South Africa changed hands and became a British colony, after the Napoleonic wars in 1815. Most of the Dutch went north to escape from the English. Here they developed tribe- a well known community, and over the period of time they migrated South from Central Africa. Overt there a war resulted between the Dutch Boers and the Zulus, a powerful tribe led by Shaka. The Boers won and created an Afrikaner state in the north. In 1899 there were the Boer Wars as a result of the English trying to capture this Afrikaner state. In 1910 South Africa became a union which is a coalition between the English and Afrikaner states. In 1960 South Africa became independence from British rule and became a republic. During the 90’s, with the release of Nelson Mandela- president, South Africa went through an amazing transformation.
South Africa (Africa’s southernmost nation) is also Africa’s largest and most developed economy.
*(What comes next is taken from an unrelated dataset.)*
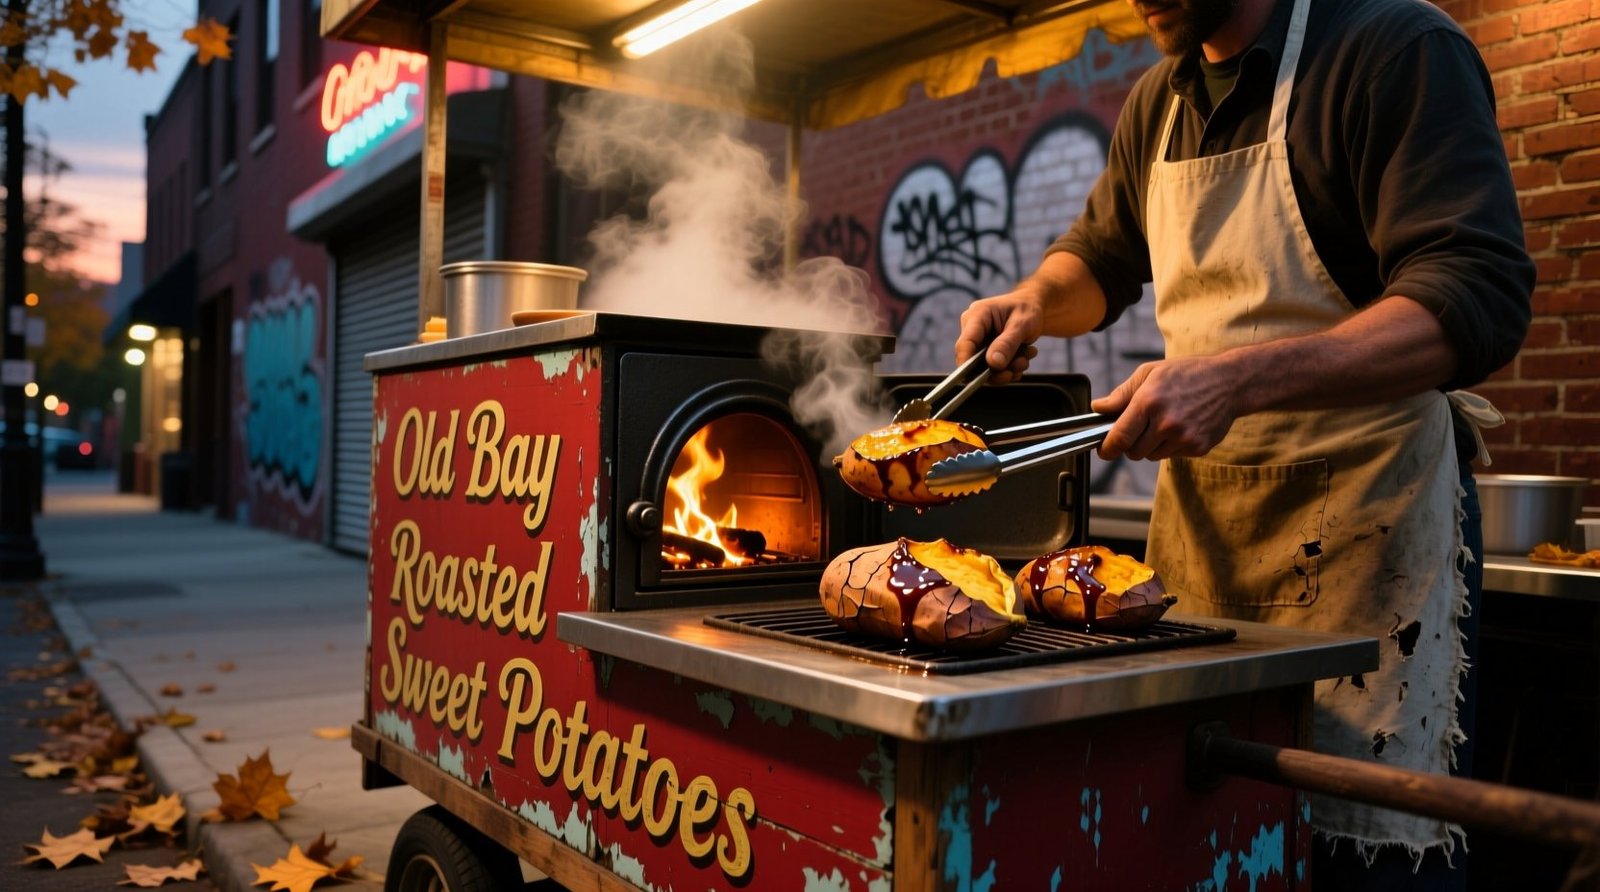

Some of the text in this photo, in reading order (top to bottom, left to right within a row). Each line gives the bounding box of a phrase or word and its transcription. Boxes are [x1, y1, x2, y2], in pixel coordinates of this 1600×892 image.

[394, 400, 560, 530] Old Bay
[390, 520, 553, 636] Roasted
[380, 618, 755, 877] Sweet Potatoes
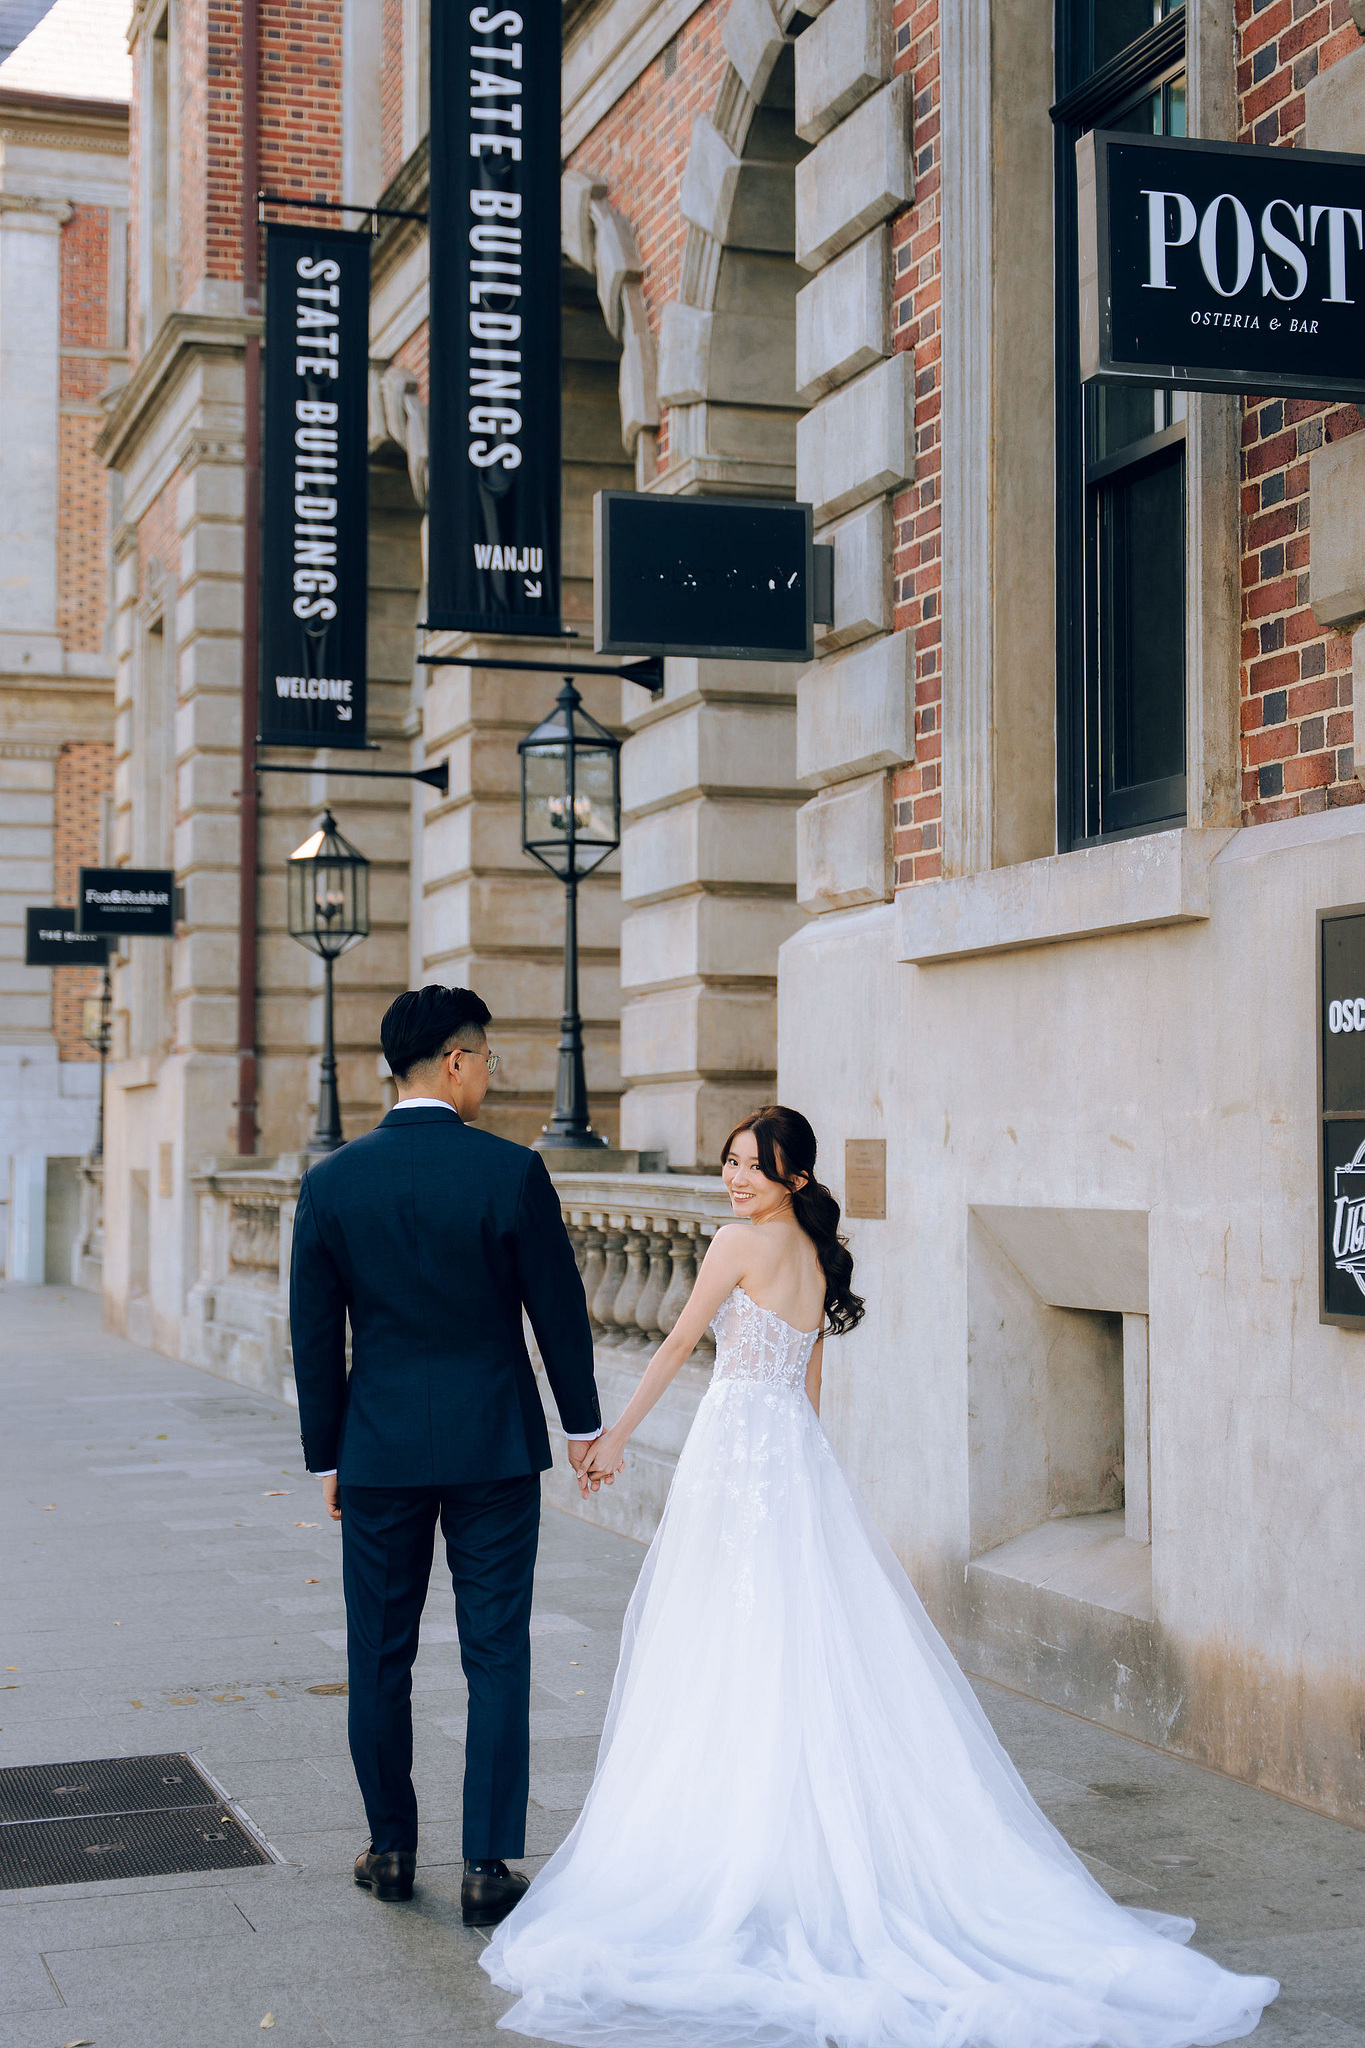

Today South Africa produces high-tech equipment and is a world leader in the output of gold and diamonds. Johannesburg and its satellite cities are home to more than 8 million people and generate 9 percent of all economic activity in Africa.
In the 21st century, South Africa is a democratic country representing all its diverse people-often called the rainbow nation. Today South Africa is making up for decades of social disruption and lost education, but high unemployment and the AIDS epidemic threaten economic progress.
NELSON MENDELA’S CONTRIBUTION
Nelson Rolihlahla Mandela was born on 18 July 1918 and served aspresident of South Africa from 1994 to 1999. He was the first ever to be elected in a fully representative democratic election. South Africa was a troubled nation for a long time and things are not perfect yet, but he fought hard for victory. Years after he started his journey, he became the first democratically elected president of South Africa.
Nelson Mandela’s political path started from 1944 when he and 5 comrades organized the African National Congress Youth League. He was appointed league president and in 1952 he was elected as national volunteer-in-chief of the ANC’s Defiance Campaign, a civil disobedience campaign against discriminatory legislation. And this was the start of his resistance against apartheid aws. The following years were marked with Mandela’s arrestment, banned and imprisoned accompanied with contributions to the freedom struggle.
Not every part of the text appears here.